A new video from Canada shows two raucous bears engaging in a spectacular brawl in the middle of the British Columbia wilderness.
The two bears snarl at one other at first, as if testing each other’s limits, before standing on their hind legs and shoving each other like two fellas in a bar brawl. A few shoves and thwacks by the two send them stumbling into the center of the road, where they lock into a full nelson while pawing at one other’s necks.
Pause at 47 seconds and carefully move your cursor forward for the show-stopper – a wolf down the road leisurely observing the whole event. The two bears continue to struggle off the pavement and into the bushes, sliding off the side of the road and chasing each other back into it, unaware of their audience.
“By far one of my favorite animal experiences I have ever had!!” said Cari McGillivray, the lady who took the footage. The film was shot on the Stewart-Cassiar Highway, a lengthy road that connects Alaska with the lower 48 states via the British Columbia wilderness. Its secluded position makes it an ideal viewing point for breathtaking landscape and animals, including big, brawling bears.
Despite being driven to near extinction in the United States by human activity, brown bear populations – of which grizzlies are a subspecies – remain widespread in most of Canada and Alaska, according to the International Union for Conservation of Nature. The Canadian government estimates that there are around 15,000 individual grizzly bears in British Columbia, which accounts for roughly one-quarter of the total North American population.

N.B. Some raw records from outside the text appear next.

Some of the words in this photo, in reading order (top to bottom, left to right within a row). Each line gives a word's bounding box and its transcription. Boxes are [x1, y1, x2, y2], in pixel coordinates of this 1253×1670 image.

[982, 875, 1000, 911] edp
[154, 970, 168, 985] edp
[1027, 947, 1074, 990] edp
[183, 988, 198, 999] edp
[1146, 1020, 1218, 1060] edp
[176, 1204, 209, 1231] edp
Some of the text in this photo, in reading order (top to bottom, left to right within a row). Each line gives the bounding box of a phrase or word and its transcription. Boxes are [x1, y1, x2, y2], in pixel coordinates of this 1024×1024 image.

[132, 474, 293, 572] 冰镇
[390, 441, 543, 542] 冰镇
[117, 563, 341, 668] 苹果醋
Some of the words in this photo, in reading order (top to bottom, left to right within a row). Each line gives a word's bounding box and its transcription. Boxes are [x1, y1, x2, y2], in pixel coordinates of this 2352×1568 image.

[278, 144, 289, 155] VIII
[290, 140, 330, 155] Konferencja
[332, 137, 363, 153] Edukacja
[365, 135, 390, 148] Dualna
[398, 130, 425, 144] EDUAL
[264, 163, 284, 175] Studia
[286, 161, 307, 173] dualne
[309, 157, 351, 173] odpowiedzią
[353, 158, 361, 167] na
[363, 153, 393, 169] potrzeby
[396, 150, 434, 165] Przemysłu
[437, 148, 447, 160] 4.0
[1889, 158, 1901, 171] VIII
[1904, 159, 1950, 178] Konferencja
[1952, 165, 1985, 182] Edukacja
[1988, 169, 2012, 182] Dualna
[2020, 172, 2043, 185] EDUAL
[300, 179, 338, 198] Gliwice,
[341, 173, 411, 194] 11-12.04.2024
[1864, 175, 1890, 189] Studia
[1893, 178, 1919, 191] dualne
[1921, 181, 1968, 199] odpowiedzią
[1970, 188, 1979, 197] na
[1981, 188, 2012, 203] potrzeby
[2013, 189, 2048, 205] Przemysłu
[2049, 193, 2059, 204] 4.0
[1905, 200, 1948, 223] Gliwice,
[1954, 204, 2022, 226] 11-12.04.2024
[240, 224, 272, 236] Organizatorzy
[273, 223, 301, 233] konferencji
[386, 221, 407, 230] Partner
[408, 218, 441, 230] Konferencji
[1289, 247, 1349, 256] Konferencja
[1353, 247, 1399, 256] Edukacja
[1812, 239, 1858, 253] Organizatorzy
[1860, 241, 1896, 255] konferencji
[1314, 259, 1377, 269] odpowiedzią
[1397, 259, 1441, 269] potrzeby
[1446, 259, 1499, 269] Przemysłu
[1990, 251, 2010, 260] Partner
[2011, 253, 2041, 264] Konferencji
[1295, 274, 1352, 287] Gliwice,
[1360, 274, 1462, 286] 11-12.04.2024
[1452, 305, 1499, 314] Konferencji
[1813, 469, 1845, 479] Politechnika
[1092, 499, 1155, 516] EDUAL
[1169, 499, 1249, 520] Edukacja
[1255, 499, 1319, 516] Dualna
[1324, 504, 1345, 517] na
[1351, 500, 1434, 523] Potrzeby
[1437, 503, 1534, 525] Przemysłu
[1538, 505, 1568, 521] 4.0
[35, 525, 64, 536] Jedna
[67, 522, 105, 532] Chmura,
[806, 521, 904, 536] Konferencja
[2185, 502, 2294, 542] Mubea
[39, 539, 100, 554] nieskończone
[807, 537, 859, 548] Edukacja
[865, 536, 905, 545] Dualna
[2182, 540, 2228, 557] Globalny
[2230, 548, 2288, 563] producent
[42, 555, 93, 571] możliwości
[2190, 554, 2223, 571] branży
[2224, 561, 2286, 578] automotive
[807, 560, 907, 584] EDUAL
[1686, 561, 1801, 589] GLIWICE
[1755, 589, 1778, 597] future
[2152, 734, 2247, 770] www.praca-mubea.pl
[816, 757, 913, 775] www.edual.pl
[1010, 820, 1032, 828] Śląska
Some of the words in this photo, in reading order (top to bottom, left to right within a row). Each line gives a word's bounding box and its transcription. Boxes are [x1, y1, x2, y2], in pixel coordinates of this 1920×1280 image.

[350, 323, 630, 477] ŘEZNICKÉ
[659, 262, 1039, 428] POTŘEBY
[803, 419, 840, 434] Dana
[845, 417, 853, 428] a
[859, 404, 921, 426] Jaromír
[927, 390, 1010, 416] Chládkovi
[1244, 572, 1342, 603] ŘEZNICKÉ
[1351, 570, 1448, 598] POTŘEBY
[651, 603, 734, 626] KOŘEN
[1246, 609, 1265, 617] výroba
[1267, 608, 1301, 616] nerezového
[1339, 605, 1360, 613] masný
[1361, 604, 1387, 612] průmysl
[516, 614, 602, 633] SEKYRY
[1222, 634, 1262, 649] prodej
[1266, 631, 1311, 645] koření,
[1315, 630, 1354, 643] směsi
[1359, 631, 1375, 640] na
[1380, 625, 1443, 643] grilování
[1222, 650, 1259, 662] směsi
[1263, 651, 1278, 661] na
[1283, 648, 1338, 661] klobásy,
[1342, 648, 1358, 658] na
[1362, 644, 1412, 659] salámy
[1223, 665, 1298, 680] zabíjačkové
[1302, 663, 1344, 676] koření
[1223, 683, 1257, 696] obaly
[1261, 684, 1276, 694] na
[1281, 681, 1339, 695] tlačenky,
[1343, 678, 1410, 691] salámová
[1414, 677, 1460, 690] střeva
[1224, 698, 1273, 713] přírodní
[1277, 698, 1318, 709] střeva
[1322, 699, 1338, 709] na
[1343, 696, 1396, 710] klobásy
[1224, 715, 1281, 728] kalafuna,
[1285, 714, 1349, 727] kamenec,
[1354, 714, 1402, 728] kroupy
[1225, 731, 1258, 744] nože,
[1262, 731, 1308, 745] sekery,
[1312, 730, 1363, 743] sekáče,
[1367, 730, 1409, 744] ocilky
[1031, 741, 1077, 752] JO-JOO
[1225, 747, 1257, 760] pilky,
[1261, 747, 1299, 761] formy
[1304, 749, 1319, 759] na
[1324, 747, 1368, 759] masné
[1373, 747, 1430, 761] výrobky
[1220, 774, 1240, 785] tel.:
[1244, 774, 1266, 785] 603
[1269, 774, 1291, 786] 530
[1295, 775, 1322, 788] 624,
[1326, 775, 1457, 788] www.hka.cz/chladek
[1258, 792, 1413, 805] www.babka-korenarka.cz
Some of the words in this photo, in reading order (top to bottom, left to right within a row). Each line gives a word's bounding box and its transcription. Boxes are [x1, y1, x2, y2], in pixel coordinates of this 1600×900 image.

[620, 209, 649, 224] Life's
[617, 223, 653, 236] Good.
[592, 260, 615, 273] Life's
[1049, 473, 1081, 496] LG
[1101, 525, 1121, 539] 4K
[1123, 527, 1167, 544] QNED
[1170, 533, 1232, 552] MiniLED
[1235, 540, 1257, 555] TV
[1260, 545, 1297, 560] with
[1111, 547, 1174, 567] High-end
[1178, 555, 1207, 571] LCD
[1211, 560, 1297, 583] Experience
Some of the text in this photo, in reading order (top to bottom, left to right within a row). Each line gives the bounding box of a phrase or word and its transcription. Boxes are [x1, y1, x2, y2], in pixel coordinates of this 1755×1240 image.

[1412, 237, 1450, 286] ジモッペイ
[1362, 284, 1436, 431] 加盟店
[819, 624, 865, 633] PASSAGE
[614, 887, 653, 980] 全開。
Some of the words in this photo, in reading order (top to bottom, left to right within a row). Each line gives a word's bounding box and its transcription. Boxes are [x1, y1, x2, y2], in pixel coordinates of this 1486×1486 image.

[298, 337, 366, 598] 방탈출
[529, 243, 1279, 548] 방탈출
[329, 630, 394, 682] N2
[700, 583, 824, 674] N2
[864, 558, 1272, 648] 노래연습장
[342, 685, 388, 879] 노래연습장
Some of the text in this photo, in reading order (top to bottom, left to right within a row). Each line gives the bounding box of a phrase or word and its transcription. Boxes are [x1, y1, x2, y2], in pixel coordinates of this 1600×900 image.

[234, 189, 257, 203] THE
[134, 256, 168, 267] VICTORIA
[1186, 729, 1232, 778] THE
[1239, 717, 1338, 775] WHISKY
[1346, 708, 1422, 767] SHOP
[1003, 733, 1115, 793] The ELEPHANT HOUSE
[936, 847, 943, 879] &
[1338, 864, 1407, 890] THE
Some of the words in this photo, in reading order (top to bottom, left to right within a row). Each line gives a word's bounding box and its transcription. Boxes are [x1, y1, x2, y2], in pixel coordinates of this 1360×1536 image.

Ursus arctos may grow to be as tall as 2.4 meters (8 feet) and as heavy as 363 kilograms (800 pounds), making them a top-of-the-food-chain predator when necessary (though they tend to feed off of nuts, berries, fruit, leaves, and roots).
Why the two bears were fighting is unknown. Grizzlies interact with one another by a combination of noises, motions, and scents, according to the National Wildlife Foundation. When two male bears are both interested in the same female, they will battle for the opportunity to mate with her. Grizzlies, on the other hand, mate between May and July and hibernate in the late fall or early winter.